By Redação AutoIndústria | Translated by Jorge Meditsch

The truck market usually influences road implement sales. But the last numbers released by Anfir, the national road implements manufacturer’s association, show a dissociation between vehicle and cargo box sales, especially in the heavy segment.

In the first seven months of the year, 49.4 thousand trailers and semi-trailers were delivered, 4% more than one year ago (47.5 thousand ). Nonetheless, in the same period, sales of trucks over 16 ton, the main heavy implements users, fell by 13.6% to 45.4 thousand units.

According to José Carlos Spricigo, Anfir’s president, the segment growth is due to the agribusiness and construction sectors’ performance. “The record harvest and the civil construction growth pushed heavy implements sales”, he said.

The sector’s leader also mentioned the market’s great acceptance of four-axles trailers. “The equipment with more cargo capacity means more income for the transporter, resulting in a tendency to renew the fleet”, he ponders. This explains the increase in trailers and semi-trailers sales despite the reduction in truck deliveries.

In the opposite direction, body-on-chassis deliveries closed the first seven months of the year with a 14% fall and just 35.6 thousand units, compared to 41.4 thousand last year.

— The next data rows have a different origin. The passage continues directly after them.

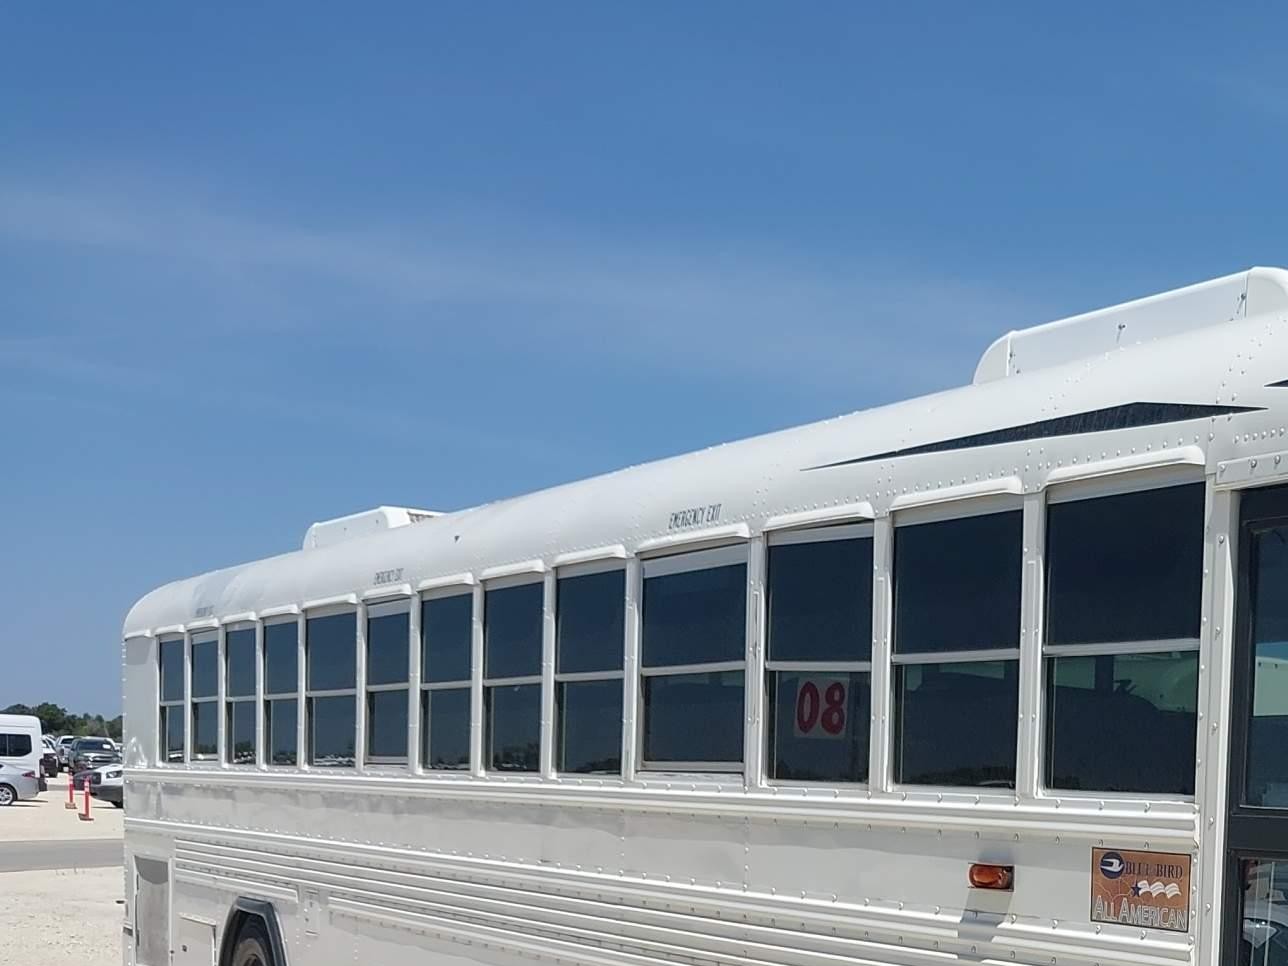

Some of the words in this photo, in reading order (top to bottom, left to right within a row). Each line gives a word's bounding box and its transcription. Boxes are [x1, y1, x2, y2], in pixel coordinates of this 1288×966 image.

[669, 507, 706, 529] EMERGENCY
[706, 503, 722, 521] EXIT
[797, 681, 845, 734] 08
[1155, 863, 1183, 879] BIRD
[1094, 895, 1118, 921] ALL
[1118, 897, 1187, 929] AMERICAN
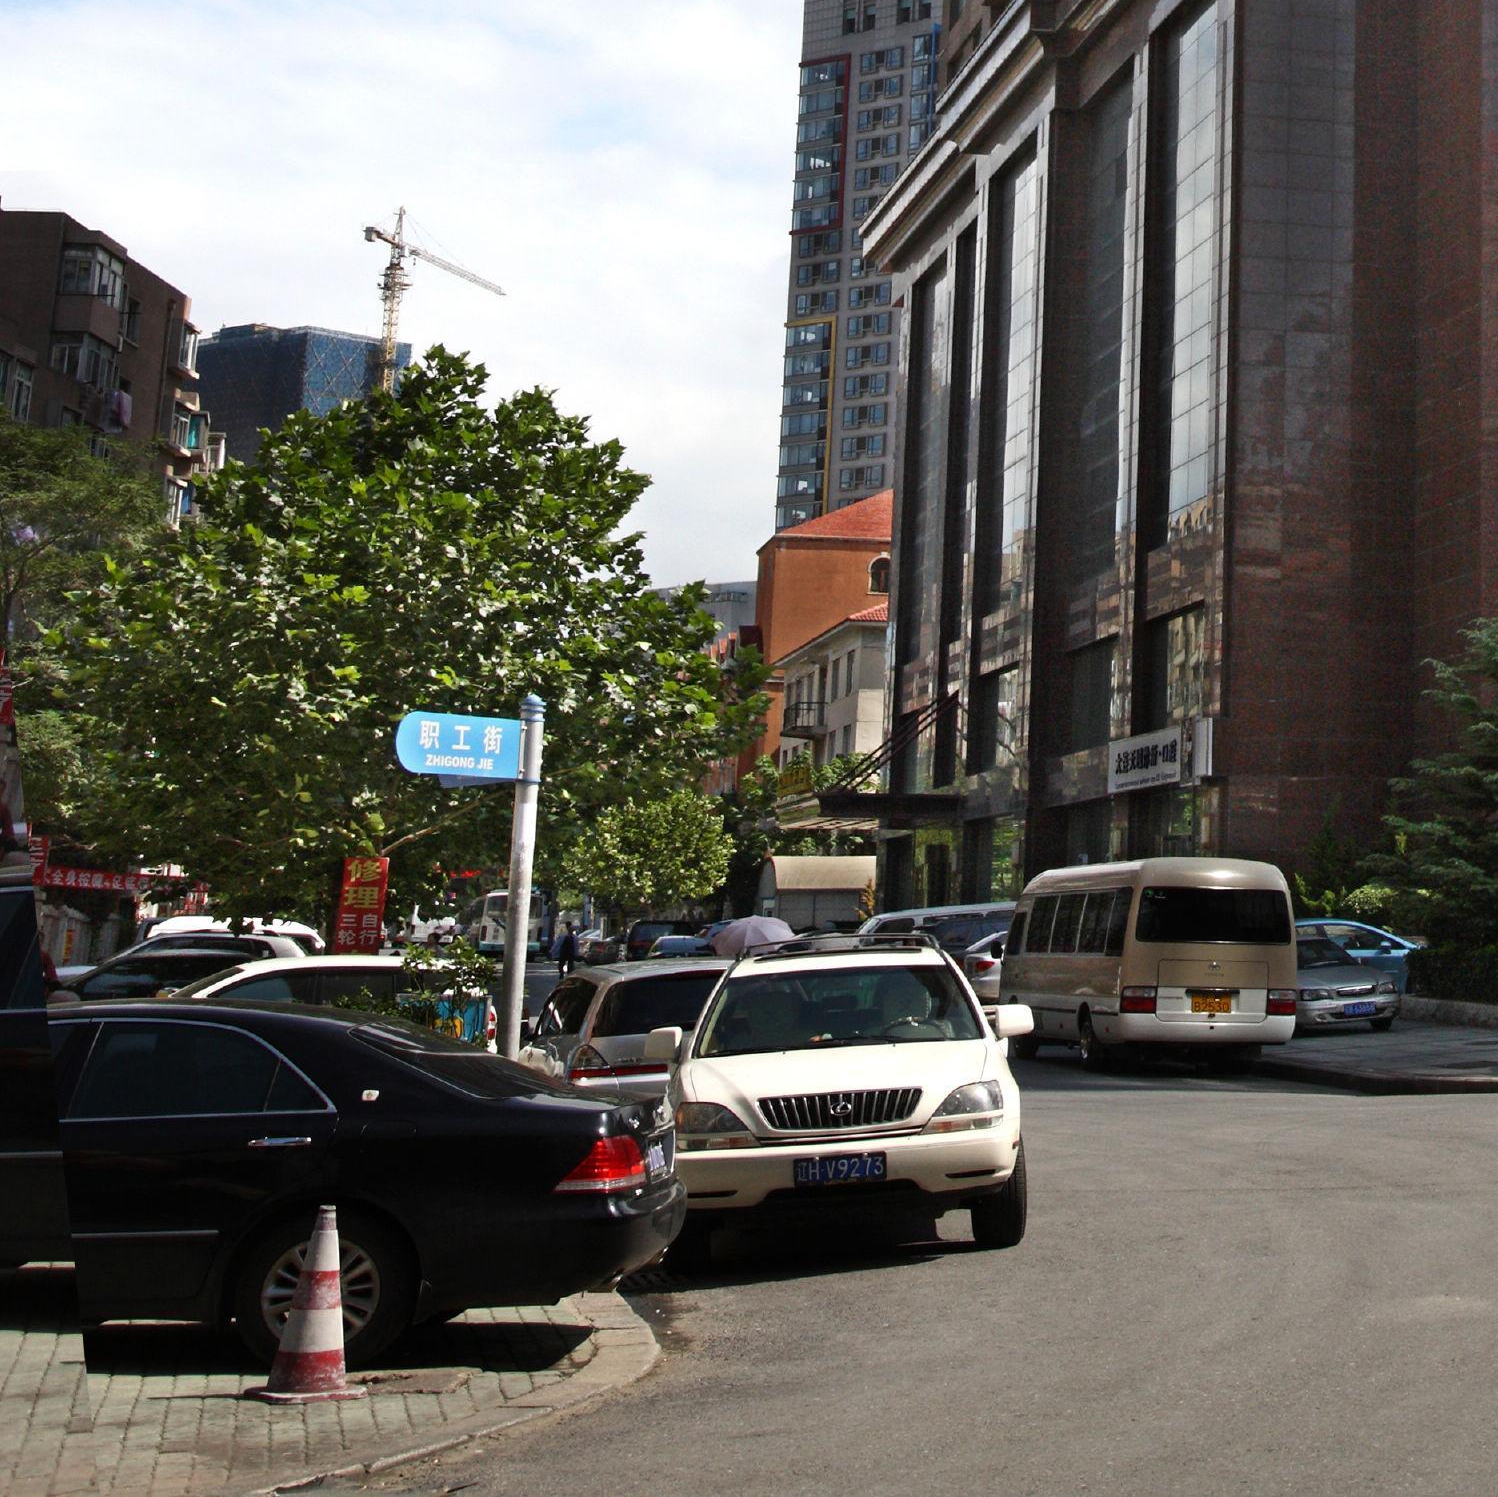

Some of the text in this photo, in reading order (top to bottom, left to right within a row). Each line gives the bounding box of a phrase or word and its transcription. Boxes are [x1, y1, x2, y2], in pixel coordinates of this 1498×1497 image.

[419, 720, 503, 754] 职工街
[425, 754, 494, 770] ZHIGONG JIE
[347, 860, 382, 909] 修理

Therefore, the road implements market purchased slightly more than 85 thousand units from January through July, 4.4% less than last year (88.9 thousand).

Spricigo believes the 0.5 point reduction of the Selic rate, from 13.75% to 13.25%, and possible new reductions in the next months could be positive for the segment.

“Falling interests should push truck and road implement sales. Our expectation can be overcome, which would be very important to the whole market.”